DE RUEHKO #5624/01 3540753
ZNY CCCCC ZZH
R 200753Z DEC 07
FM AMEMBASSY TOKYO
TO RUEHC/SECSTATE WASHDC 0472
INFO RUEHBY/AMEMBASSY CANBERRA 2480
RUEHDL/AMEMBASSY DUBLIN 0128
RUEHHE/AMEMBASSY HELSINKI 0276
RUEHBUL/AMEMBASSY KABUL 0544
RUEHNY/AMEMBASSY OSLO 1166
RUEHUL/AMEMBASSY SEOUL 6809
RUEHSM/AMEMBASSY STOCKHOLM 0648
RUEHVI/AMEMBASSY VIENNA 0132
RUEHWL/AMEMBASSY WELLINGTON 1014
RUEKJCS/CJCS WASHINGTON DC
RUEKJCS/SECDEF WASHDC
RHMFISS/USFJ

C O N F I D E N T I A L TOKYO 005624

SIPDIS

SIPDIS

DEPT FOR PM/WRA KATHERINE BAKER

E.O. 12958: DECL: 12/19/2017
TAGS: PREL PARM MOPS JA
SUBJECT: CLUSTER MUNITIONS DEMARCHE DELIVERED TO JAPANESE

REF: STATE 167308

Classified By: Deputy Chief of Mission Joe Donovan for reasons 1.4(b) a
nd (d)

1. (C) SUMMARY: Japan believes the optimal solution to the
cluster munitions issue is a legally binding agreement
arrived at through the CCW process. However, because such an
outcome is not certain, Japan will continue to participate in
the Oslo Process in order to be able to influence any final
outcome it may reach. Japan concurs with our position
regarding the utility of cluster munitions, but is also
heavily influenced by press and public opinion which is
generally strongly supportive of disarmament efforts. MOFA
officials would like to coordinate closely with counterparts
from both the United States and Europe to assure we are all
speaking with one coherent voice, and is interested in
meeting bilaterally with U.S. officials either before or
during the upcoming January 14-18 CCW meetings in Geneva.
END SUMMARY.

2. (C) Per reftel, Embassy Tokyo Political Officer met
December 19 with MOFA officials Michiko Makino of the
Conventional Arms Division of the Disarmament,
Non-Proliferation, and Science Department, and Takuma Kajita
of the Treaties Division of the International Legal Affairs
Bureau to discuss U.S. views on cluster munitions. The
discussion emphasized that the U.S. shares humanitarian
concerns about the use of cluster munitions and that we fully
support negotiations on this issue within the framework of
the Convention on Certain Conventional Weapons (CCW) process.
Both papers contained in reftel were discussed and left.

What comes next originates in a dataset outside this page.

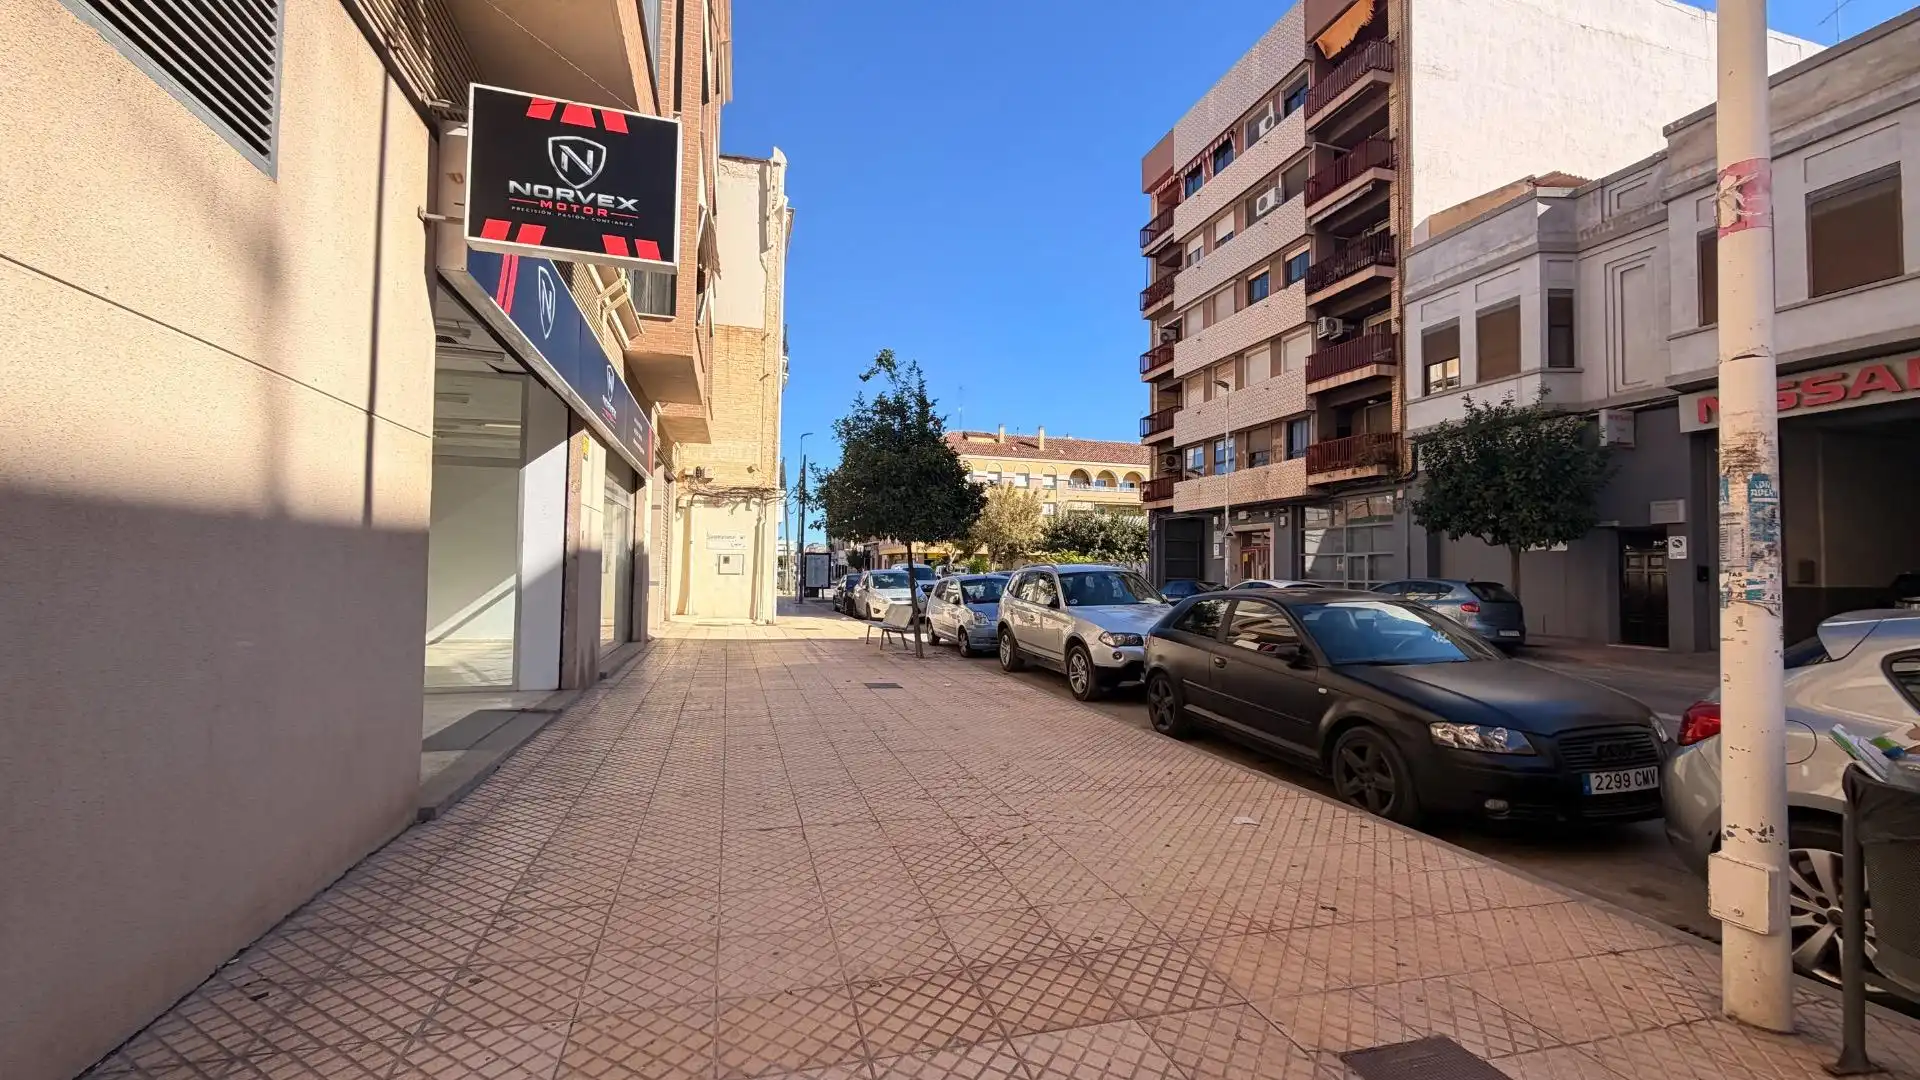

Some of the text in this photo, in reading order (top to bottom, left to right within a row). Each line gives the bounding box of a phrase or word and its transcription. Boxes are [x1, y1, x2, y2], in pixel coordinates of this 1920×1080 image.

------------------------------
JAPAN SHARES OUR VIEWS, BUT...
------------------------------

3. (C) Japan shares our views on the utility of cluster
munitions, said Kajita, and agrees completely that the most
desirable outcome is to resolve any concerns about their use
within the CCW process. However, because the CCW process
works by consensus and it is unclear whether the Russians are
fully on board, it is uncertain whether an agreement will be
possible. Accordingly, Japan believes it necessary to
participate in the Oslo Process in order to be able to
influence any final outcome or agreement in that forum.
Kajima pointed out that several NATO members are also
participating in the Oslo Process.

4. (C) Ideally, Japan would like to see a legally binding
agreement worked out in the CCW process, rather than simply a
set of guidelines. Kajita noted that since the CCW process
includes major producers of cluster munitions, any agreement
reached will be more effective than anything the Oslo Process
will achieve, even if any restrictions on use are not as
comprehensive.

5. (C) Kajita said it is critical to understand what the ""red
lines"" are for both Japan and the United States on this
issue. Obviously, a total ban is a red line, but it seems
inevitable that some restrictions are forthcoming, and it
would best to understand right now what is acceptable to each
party. Japan believes it important for countries sharing
like views to coordinate our approach on this so we can speak
with a single coherent voice, and welcomes the opportunity to
meet bilaterally with us prior to or on the sidelines of
meetings coming up in Geneva January 14-18.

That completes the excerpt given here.